RE: International standards for various forms of profile data

Carl,

The categorizing is the toughest part, but luckily for now I can focus on 
ecommerce, where we have a lot of p13n (personalization) issues to deal 
with, but all can be classified in one way or the other. Even though your 
are correct that German girls (das Mädchen) and unmarried women (das 
Fräulein) are grammatically neuter, we can still classify them as females 
in ecommerce profiles. I don't even want to get into any historical 
debates on language and culture evolution here. But there are actually 
reasons to include neuter and even more for gender when you think about 
it. Let me use two extreme examples of actual growing ecommerce markets.

The alternative lifestyle ecommerce market is fast-growing world-wide for 
many reasons. The internet is discrete and can cater to 
countries/states/communities where no retail stores are available, either 
because they are illegal, undesired, or the market is too small. Here we 
can extend the definition of gender, as I have discovered researching 
ecommerce applications. Neuter (n), transvestite (tv), transsexual (ts), 
homosexual (h or hf and hm), bisexual (bi), hermaphrodite (h), etc. These 
"genders" are used to identify product categories or group profiles for 
marketing purposes and for personals. I have seen these customer 
requirements and have seen it hosted this way.

Religious and cultural markets are growing fast as well. In some extreme 
cases there might only be valid entries for male or for female and no 
choice, except maybe neuter. I recently stumbled across this issue, I am 
still researching it. Only the dominant gender has rights to express their 
gender, the other has no gender or no rights to own a gender.

These two examples are extreme and might seem far-fetched, at least by our 
Western standards, but we mustn't ignore the fact that each category has 
globalization and/or personalization quirks. While training others here I 
often use examples including nonhuman aspects, using animals and aliens as 
examples for globalization. (What a nightmare developing an ecommerce site 
for Klingons would be! Well, at least we have the Unicode Klingon 
character set ready for that task ....)

The protection of personal information on the net is another area where 
the neutral gender is useful, just like many people avoid using their 
first names in telephone books so gender information cannot be revealed by 
their first name. Plus there are possible groups that would not allow or 
should avoid that information to be entered at all. Think about children 
and the online dangers. And it cures a common software developer problem: 
Which gender should be used as default? What is politically correct, what 
not? US sites normally have male as default, but I noticed that many 
similar German sites have female as default. It would be interesting to 
define which gender should be default for any given locale, at least to be 
politically correct. I might include that information in my results.

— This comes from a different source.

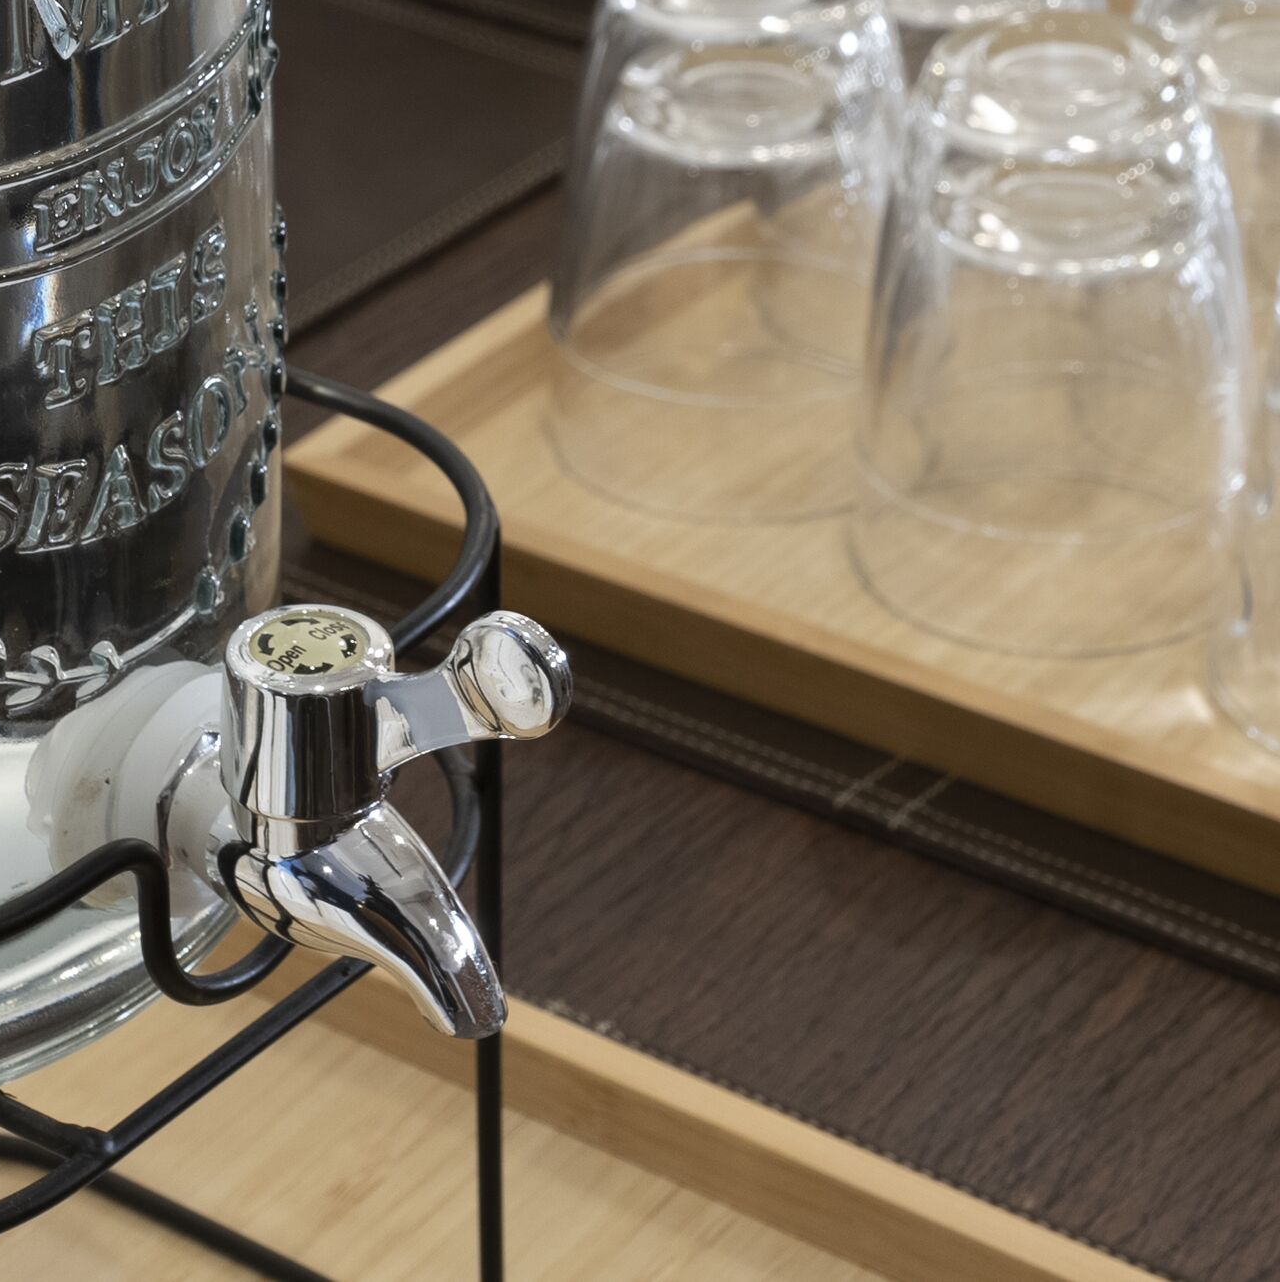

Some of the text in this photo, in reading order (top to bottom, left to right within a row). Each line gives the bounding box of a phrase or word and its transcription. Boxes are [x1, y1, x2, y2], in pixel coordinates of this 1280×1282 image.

[31, 93, 221, 253] ENJOY
[33, 221, 227, 411] THIS
[266, 644, 308, 673] Open

Our solution for the addresses is that we are implementing the option to 
enter each address twice, one in international post format using ASCII, 
and the other in locale-specific address format and character set. Locale 
specific address formats are defined via regular expressions. The country 
name is always in the sender's language or in both languages, the address 
layout is in the recipient's format, and if sent in the same locale, 
optionally using the locale specific character set. Not all details have 
been ironed out, yet, but we are getting close. We maintain all country 
names in all languages ourselves, as the country names returned by Java 
are not complete in all languages for all locales, as we recently found 
out. 

David 




"Carl W. Brown" <cbrown@xnetinc.com>
08/30/01 02:59 PM

 
        To:     <David_Possin@i2.com>, "Kremena Gotcheva" <infom@bcci.bg>
        cc:     <www-international@w3.org>
        Subject:        RE: International standards for various forms of profile data


David,
 
Part of the problem is categorizing the data you need.  For example you 
categorize gender for English and German.  To be complete you might want 
to consider that girls in German are neuter(I don't know of other 
languages that do this) .
 
Tokenizing addresses for say US, Russian and Japanese addresses is not a 
simple task.   Besides a letter for say Venezuela to me would be:
 
Carl W. Brown
X.Net, Inc.
3452 Shangri-La Rd.
Lafayette, CA 94549
EE.UU.A
 
International mail requires hybrid addresses.  Not an easy task.
 
Carl
 
 
-----Original Message-----
From: www-international-request@w3.org 
[mailto:www-international-request@w3.org]On Behalf Of David_Possin@i2.com
Sent: Thursday, August 30, 2001 12:32 PM
To: Kremena Gotcheva
Cc: www-international@w3.org
Subject: Re: International standards for various forms of profile data


I will be doing what I can for en_US and de_DE, these being my 2 native 
locales. Currently I am just collecting whatever data I can find in the 
areas I listed below. I plan to design a definitive requirement for our 
March SW release by mid-December, that should give me enough time for a 
good research and compilation of data. I do plan to host the results on a 
web site when they are finished, notifying the members of this list of its 
presence. I might even design it so that members can update the tables for 
their locale online. 

The tables will look like this: 

table                                lang_table 
data_id        data_type                 locale                data_std   
data_long        data_short        data_description 

0001        gender                        en_US                male   male 
               m                male gender 
                                de_DE                männl. männlich  m    
      männliches Geschlecht 
0002        gender                        en_US                female    
female                f                female gender 
                                de_DE                weibl. weiblich     w 
               weibliches Geschlecht 

Not all fields might be required for each instance, but so far I was able 
to store all locale specific information in this format. 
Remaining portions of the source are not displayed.